Here are the browser version and configurations I am running on Jenkins.
`
{'browserName': 'firefox',
'marionette': True,
'acceptInsecureCerts': True,
'moz:firefoxOptions': {
'prefs': {
'browser.download.folderList': 2,
'browser.download.dir': '/home/usr/usr/project/static/785fg7',
'browser.download.useDownloadDir': True,
'pdfjs.disabled': True,
'browser.helperApps.neverAsk.saveToDisk':
'application/vnd.openxmlformats-
officedocument.spreadsheetml.sheet,
application/pdf,
application/csv,application/excel,
application/vnd.msexcel,
application/vnd.ms-excel,text/anytext,
text/comma-separated-values,
text/csv,application/vnd.ms-excel,
application/octet-stream,
image/tiff'},
'args': ['-headless',
'--no-sandbox',
'--disable-setuid-sandbox',
'--disable-dev-shm-usage',
'--window-size=1920,1080',
'--start-maximized']}} `
Note that everything works fine in local no matter how many instances of browser I create. Problem is only when it is deployed on the server. In my local system, everything works fine with headless mode with any number of requests.
Here is the Python code to initiate the browser.
def get_firefox_driver_for_linux_server(apply_proxy, uuid_user, download_options=False):
firefox_options = Options()
firefox_options.set_headless()
if download_options:
if not os.path.exists(constants.DOWNLOADS_PATH):
os.mkdir(constants.DOWNLOADS_PATH)
download_path = os.path.join(constants.DOWNLOADS_PATH, uuid_user)

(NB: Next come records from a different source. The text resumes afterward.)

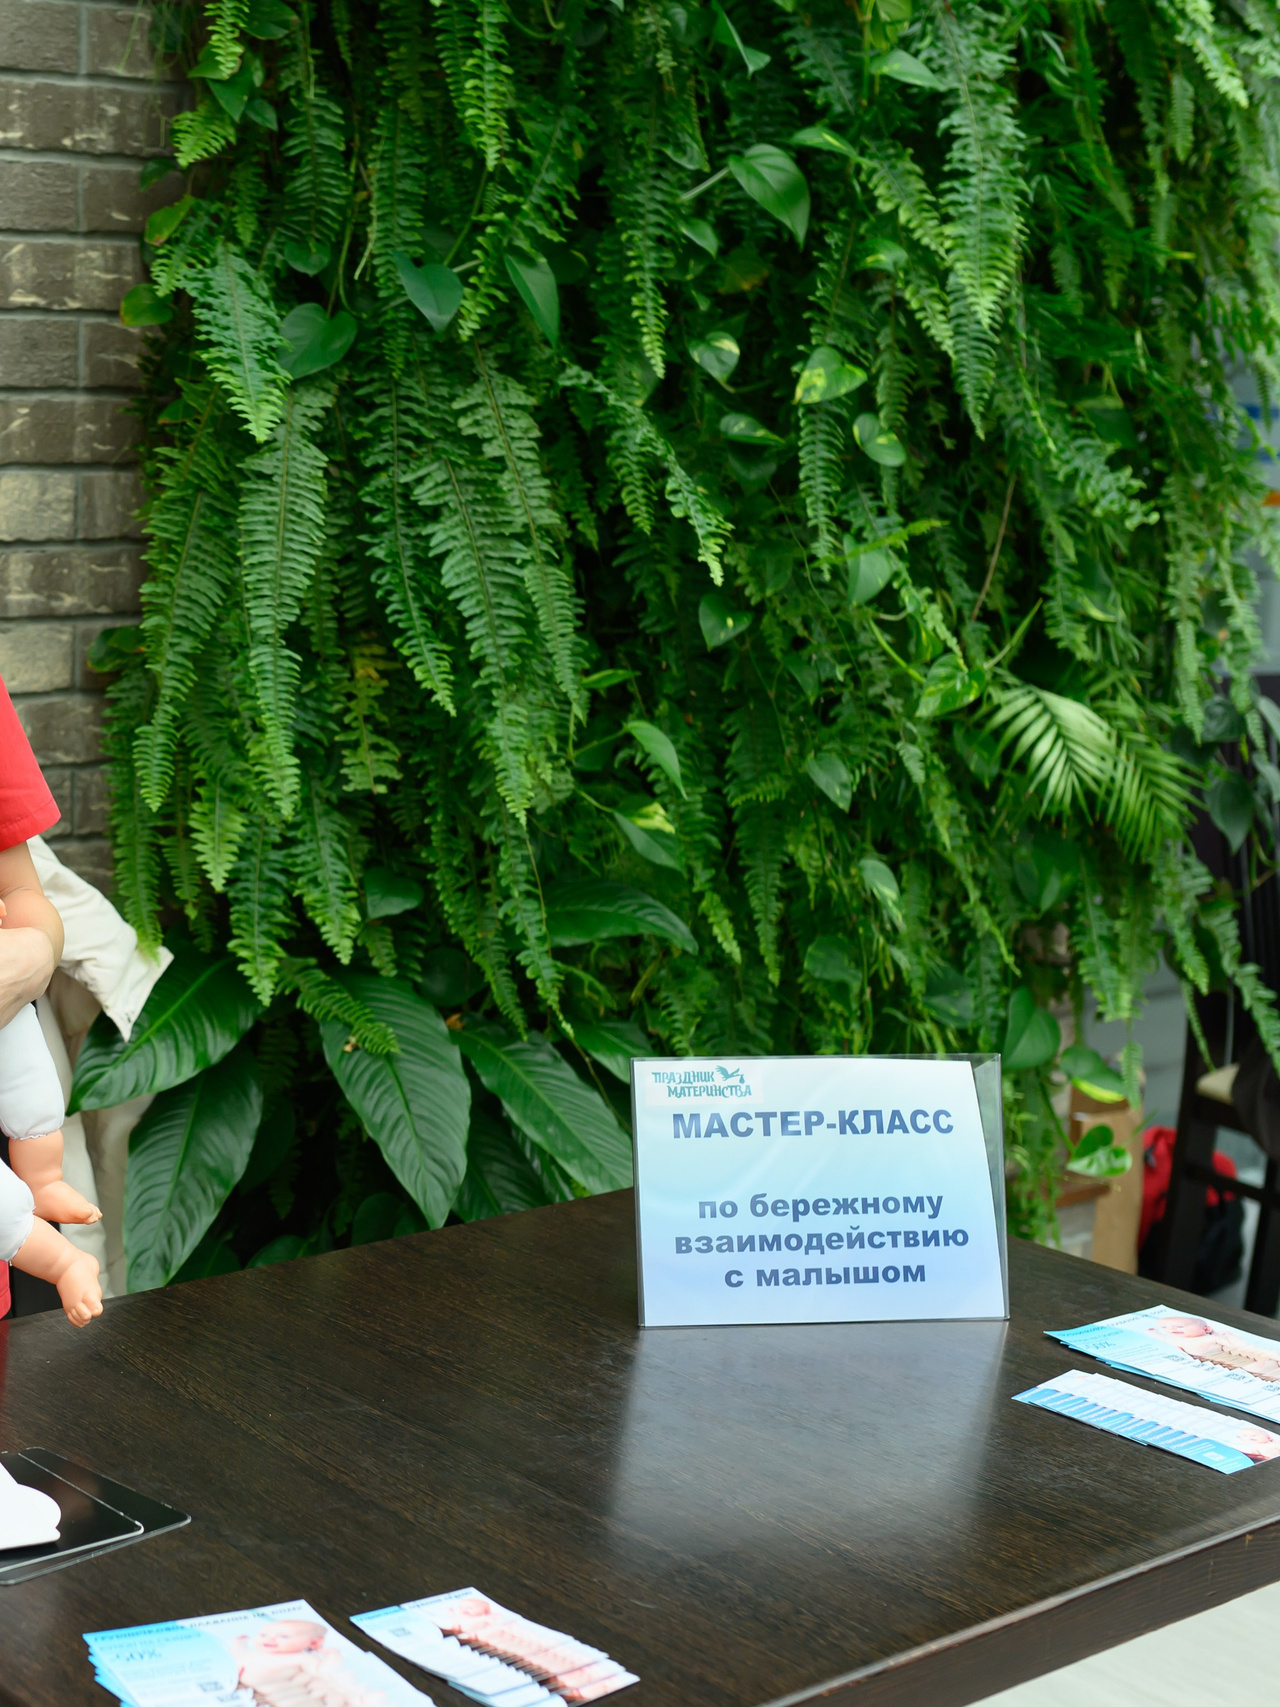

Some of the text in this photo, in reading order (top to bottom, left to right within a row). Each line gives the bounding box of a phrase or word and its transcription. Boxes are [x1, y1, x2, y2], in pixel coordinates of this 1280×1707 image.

[651, 1070, 715, 1085] ПРАЗДНИК
[666, 1084, 752, 1099] МАТЕРИНСТВА
[673, 1109, 954, 1139] МАСТЕР-КЛАСС
[698, 1193, 944, 1222] по бережному
[675, 1226, 969, 1255] взаимодействию
[724, 1264, 926, 1288] с малышом

firefox_options.set_preference("browser.download.folderList", 2)
firefox_options.set_preference("browser.download.dir", download_path)
firefox_options.set_preference("browser.download.useDownloadDir", True)

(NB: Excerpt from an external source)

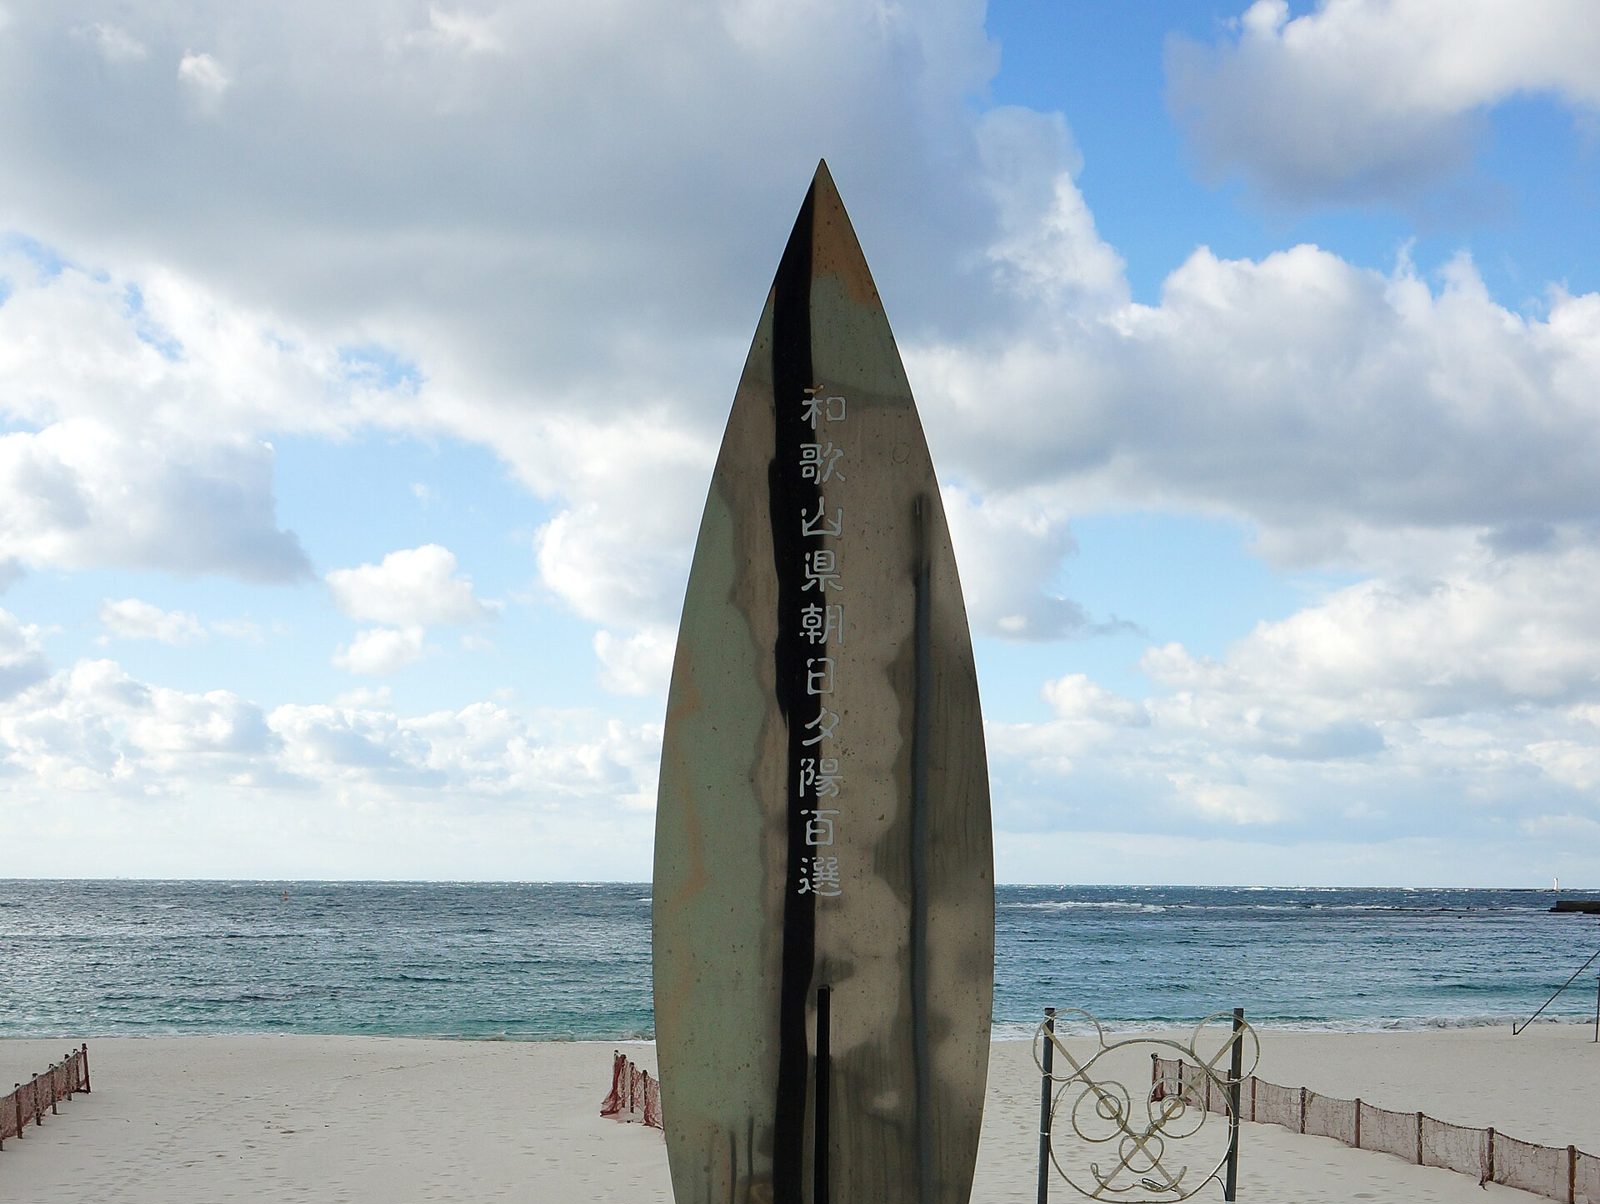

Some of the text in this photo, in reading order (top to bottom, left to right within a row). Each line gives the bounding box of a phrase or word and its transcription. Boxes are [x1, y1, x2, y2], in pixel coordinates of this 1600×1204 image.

[798, 384, 847, 897] 和歌山県朝日夕陽百選

firefox_options.set_preference("pdfjs.disabled", True)
firefox_options.set_preference("browser.helperApps.neverAsk.saveToDisk",
"application/vnd.openxmlformats-officedocument.spreadsheetml.sheet,"
"application/pdf,"
"application/csv,"
"application/excel,"
"application/vnd.msexcel,"
"application/vnd.ms-excel,"
"text/anytext,"
"text/comma-separated-values,"
"text/csv,"
"application/vnd.ms-excel,"
"application/octet-stream,"
"image/tiff")
firefox_options.add_argument("--no-sandbox")
firefox_options.add_argument("--disable-setuid-sandbox")

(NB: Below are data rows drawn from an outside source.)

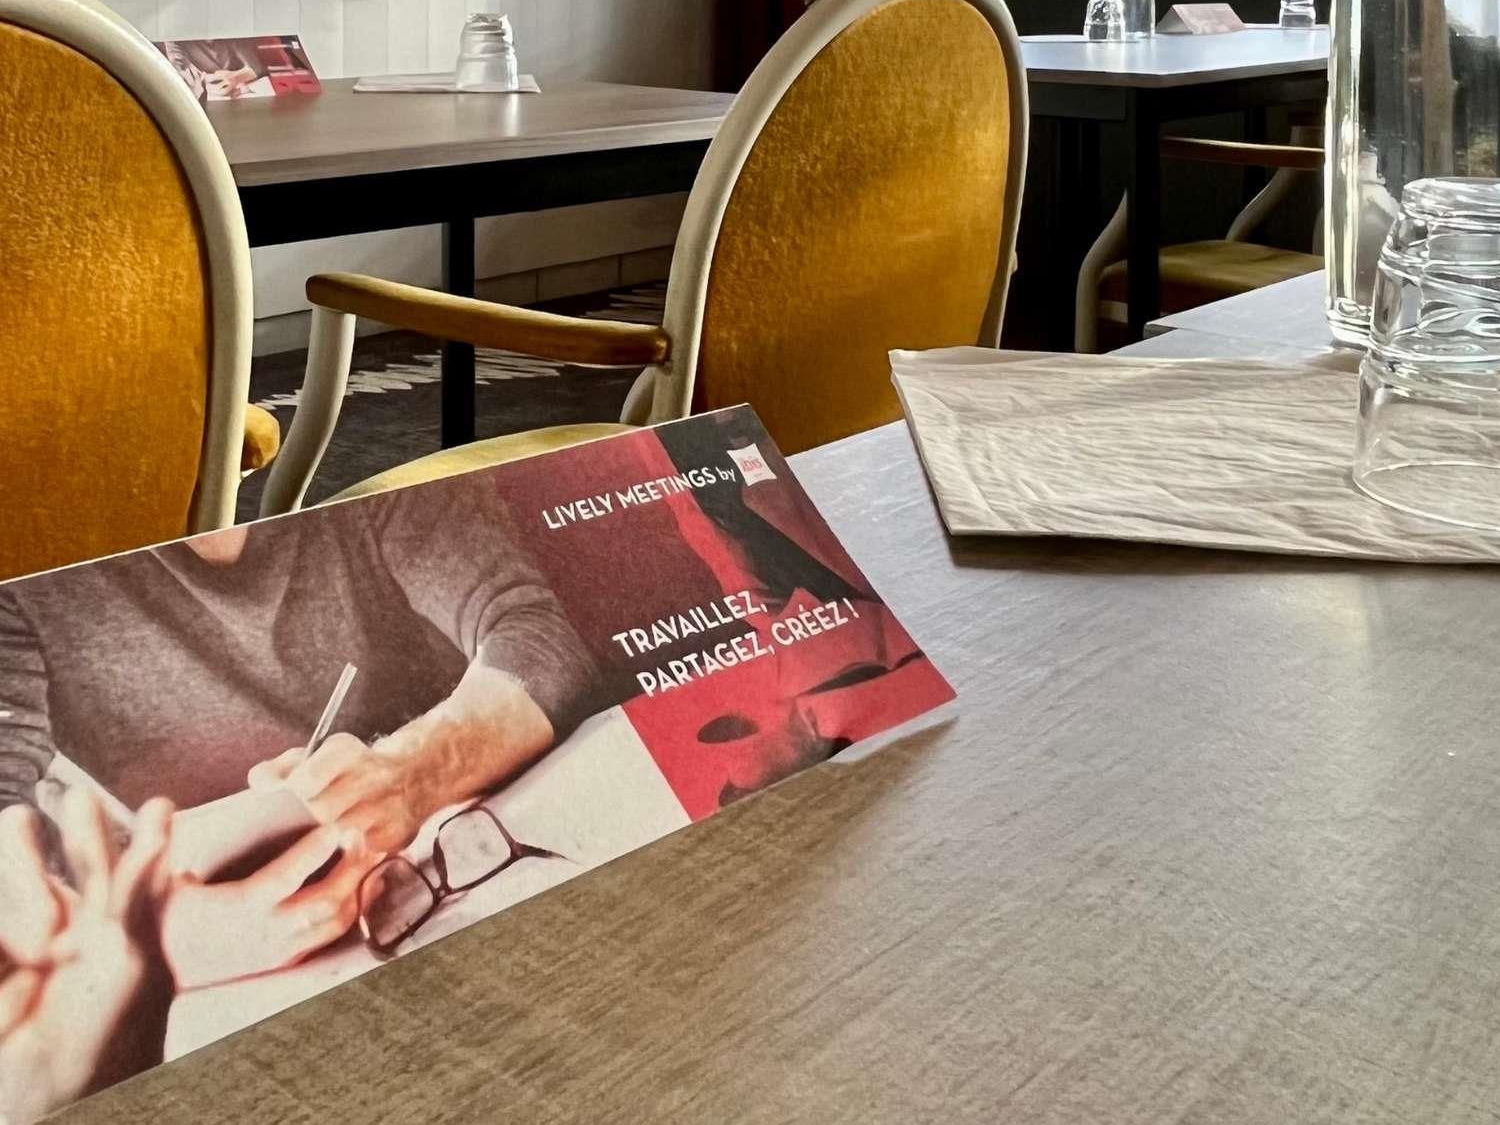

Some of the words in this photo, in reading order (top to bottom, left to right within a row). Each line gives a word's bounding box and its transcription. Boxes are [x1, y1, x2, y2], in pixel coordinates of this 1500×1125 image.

[542, 493, 613, 530] LIVELY
[615, 466, 717, 509] MEETINGS
[718, 466, 736, 482] by
[612, 590, 768, 658] TRAVAILLEZ,
[636, 631, 776, 698] PARTAGEZ,

firefox_options.add_argument('--disable-dev-shm-usage')
firefox_options.add_argument("--window-size=1920,1080")
firefox_options.add_argument("--start-maximized")
if not os.path.exists(constants.LOG_PATH):
os.mkdir(constants.LOG_PATH)
import random as r
global random_id
random_id = str(r.randint(1, 99999))
logging.warning("random id...{}".format(random_id))
with open(os.path.join(constants.LOG_PATH, random_id + '.log'), 'w+') as lf:
pass
gecko_driver_path = "/usr/local/bin/geckodriver"
if apply_proxy:
proxy = "proxy:24000"
firefox_capabilities = webdriver.DesiredCapabilities.FIREFOX
firefox_capabilities['marionette'] = True
firefox_capabilities['proxy'] = {
"proxyType": "MANUAL",
"httpProxy": proxy,
"ftpProxy": proxy,
"sslProxy": proxy
}
driver = webdriver.Firefox(executable_path=gecko_driver_path, firefox_options=firefox_options,
capabilities=firefox_capabilities,
log_path=os.path.join(constants.LOG_PATH, random_id + '.log'))
check_gecko_version(driver, firefox_options)
return driver
else:
logging.info("No proxy applied")
driver = webdriver.Firefox(executable_path=gecko_driver_path, firefox_options=firefox_options)
check_gecko_version(driver, firefox_options)
return driver